Throughout the doc there are warnings about MRI because of the GVL, so let me be clear: I'm in MRI Rails, I'm using "traditional" blocking service calls within my Rails app (things like RestClient, Savon, open3, etc.) -- no 'async' calls.
one worker, MRI
For the following two use cases, let's say we have workers: 1, threads: 5 (default) on MRI Ruby.
Now, Puma, AFAICT, sets up the socket using a non-blocking nio4r socket wrapped by a Reactor. This means that separate requests to Puma could, in fact, be processed in parallel in separate threads... however in MRI, those threads hit the GVL, so they are not parallel if workers=1, merely concurrent? But maybe that's ok... maybe some stuff gets through.
within a Rails controller action?
let's say I get a single request to my controller action. That's one Reactor used by Puma to run my Rails code.

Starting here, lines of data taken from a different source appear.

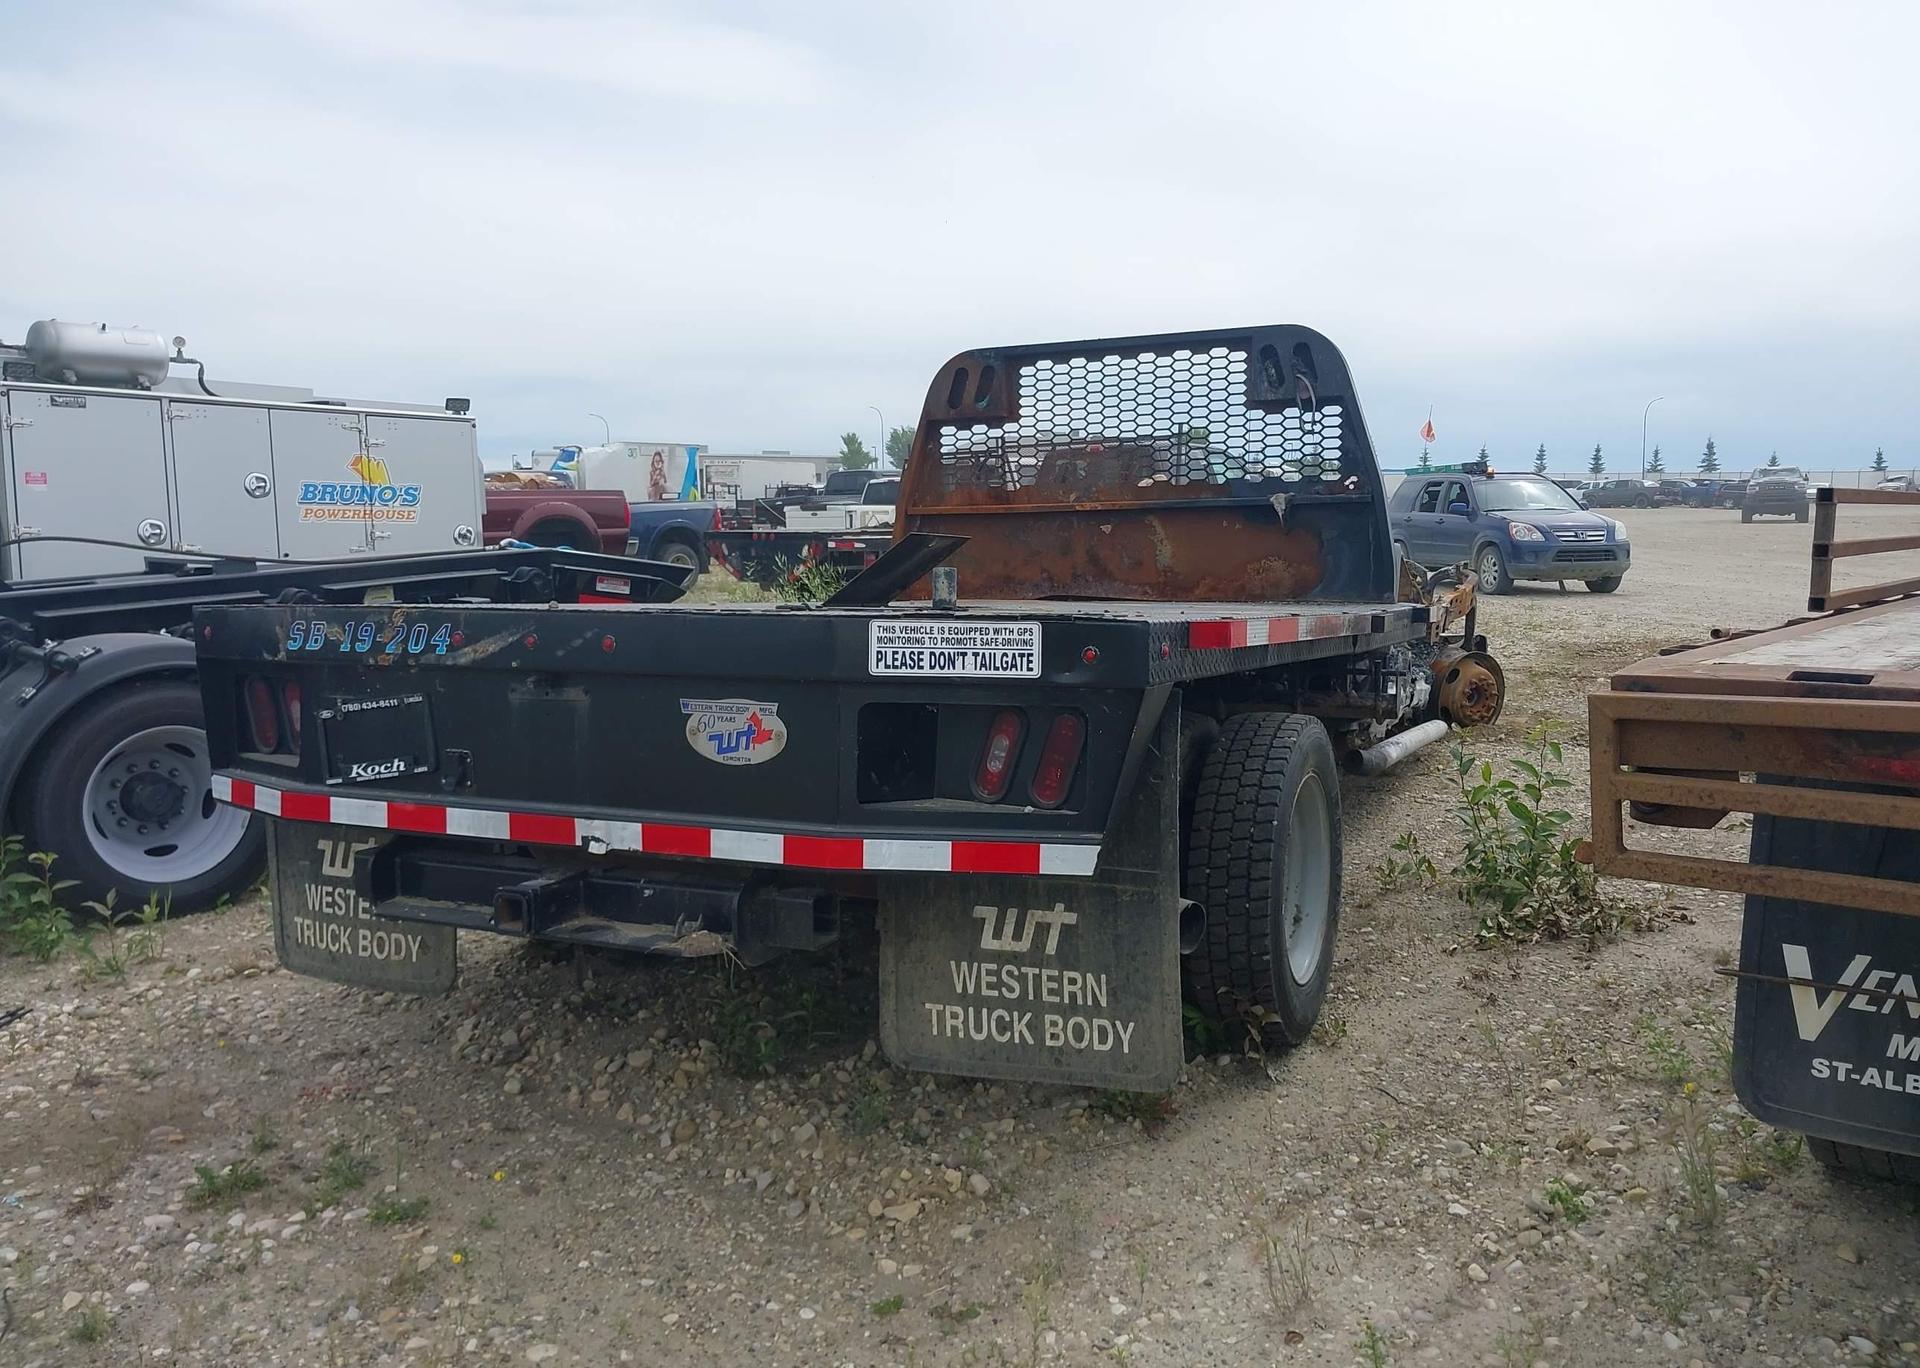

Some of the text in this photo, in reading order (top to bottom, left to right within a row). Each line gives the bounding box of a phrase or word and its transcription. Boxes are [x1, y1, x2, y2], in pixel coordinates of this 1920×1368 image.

[298, 483, 421, 506] BRUNO'S
[302, 508, 417, 520] POWERHOUSE
[877, 625, 1034, 637] THIS VEHICLE IS EQUIPPED WITH GPS
[876, 635, 1034, 648] MONITORING TO PROMOTE SAFE-DRIVING
[876, 650, 1034, 672] PLEASE DON'T TAILGATE
[361, 699, 398, 710] 434-8411
[681, 700, 713, 711] WESTERN
[715, 704, 735, 712] TRUCK
[735, 705, 751, 713] BODY
[697, 714, 716, 733] 60
[349, 758, 406, 778] Koch
[305, 883, 376, 920] WESTE
[294, 916, 422, 963] TRUCK BODY
[950, 960, 1107, 1007] WESTERN
[925, 1003, 1135, 1054] TRUCK BODY

my action calls 3 different rest services (A,B,C) sequentially to get answers. I use 3 simple rest-client
get()
lines and process the results after each request completes before going to the next one, those requests are blocking. I'm pretty sure that no concurrency happens with only a single request and a single Reactor in play, right?But, if I wanted to, maybe I could use a library like Typhoeus or even nio4r and create rest callbacks... now maybe I get concurrency even with the GVL in place. Maybe there's ways of doing this with RestClient too, but it wouldn't happen automatically, right?
handling separate requests?
let's say I get 3 separate requests at the same time to my Rails controller action. Puma sees them and each request is handled by a different Reactor from the thread pool (in this case, the pool is 5, and we use 1 Reactor for each request, so we are using 3 Reactors at the same time... but because they are in 1 process we are talking concurrency, not parallelism). Because each Reactor delegates to a copy of the Rails Controller instance, each request has it's own separate state, so these should be concurrent requests?
is it true that my first reactor might call service A, then wait IO bound, and the second reactor calls A, waits IO, then the third reactor calls A and waits? If so, then the threads have given me some concurrency in spite of the GVL because the separate requests are able to call A,A,A without waiting for the first A to complete, or even the whole first Reactor to complete.